Given the risk of colon cancer in people with long-standing ulcerative colitis (UC), the standard of care calls for regular surveillance colonoscopies. But Michael F. Picco, M.D., a gastroenterologist at Mayo Clinic in Jacksonville, Fla., argues that white-light endoscopy with random biopsy sampling is an imperfect way of detecting early signs of dysplasia.
"Lesions in patients with UC are generally flat, making them difficult to see with conventional colonoscopy," he says. "And taking dozens of random samples doesn't guarantee that we're not missing cancer somewhere in the colon."
But he says that chromoendoscopy, a relatively simple technique that stains the colon with dye, can enhance the detection of precancerous lesions.
"Chromoendoscopy allows us to target areas of the colon more efficiently, increasing the likelihood of finding dysplastic changes. In fact, previous studies have shown up to a fourfold increase in the diagnostic yield for intraepithelial neoplasias using chromoendoscopy."

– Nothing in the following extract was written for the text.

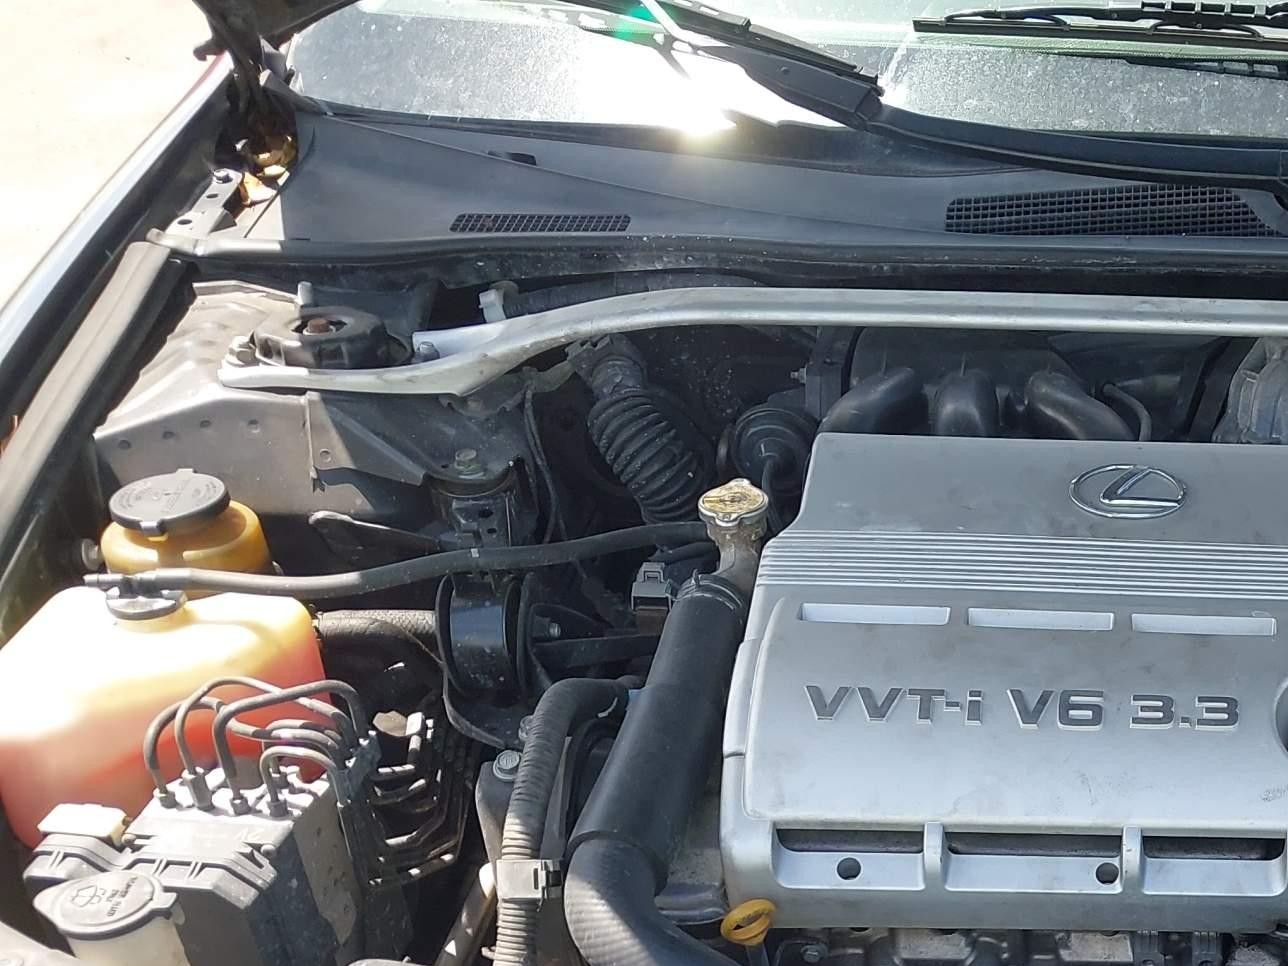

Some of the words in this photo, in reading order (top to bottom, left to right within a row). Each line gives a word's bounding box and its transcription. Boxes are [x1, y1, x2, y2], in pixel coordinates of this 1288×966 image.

[804, 685, 985, 725] VVT-i
[1007, 689, 1105, 729] V6
[1129, 694, 1240, 731] 3.3

Dr. Picco adds such impressive results are generally obtained when chromoendoscopy is performed by highly experienced endoscopists working in specialized centers. "For the technique to gain wider acceptance, interobserver agreement on abnormalities is essential."
To confirm the feasibility of chromoendoscopy and assess interobserver agreement, Dr. Picco led a recent study in which investigators from all three Mayo sites who were unfamiliar with chromoendoscopy analyzed more than 500 white-light and indigo carmine chromoendoscopy images obtained during surveillance colonoscopy on 57 patients with UC.
The images contained 155 polyp abnormalities. The majority of the lesions were less than 0.4 inches (1 centimeter), and included 86 pseudopolyps as well as 40 hyperplastic, 18 adenomatous and 11 dysplastic lesions.
Dr. Picco says that investigators identified between 126 and 149 of the abnormalities, leading to an overall agreement rate of 95 percent. The number of missed polyps was low and confined to very small lesions — less than 0.2 inches (5 millimeters).
"Although preliminary, these results show that chromoendoscopy can be successfully used by inexperienced observers," he says. "The technique adds about 15 minutes to the standard surveillance colonoscopy procedure, but the fourfold yield is well worth it."
He notes that the additional time is needed not just for staining the colon but also for taking standard random biopsies. "In the future, enhanced detection methods like chromoendoscopy may eliminate the need for random biopsies, saving both time and laboratory fees."
Other study investigators include:
Dr. Picco, along with Dr. Wallace, is also investigating the use of confocal microscopy for ulcerative colitis surveillance. In this study, patients first undergo chromoendoscopy. Any lesions seen are then visualized using the confocal microscope, which provides up to 1000 times magnification. The aim is to determine whether a diagnosis of dysplasia can be made on living tissue without having to perform biopsies. The study, which is ongoing, has enrolled 40 patients to date.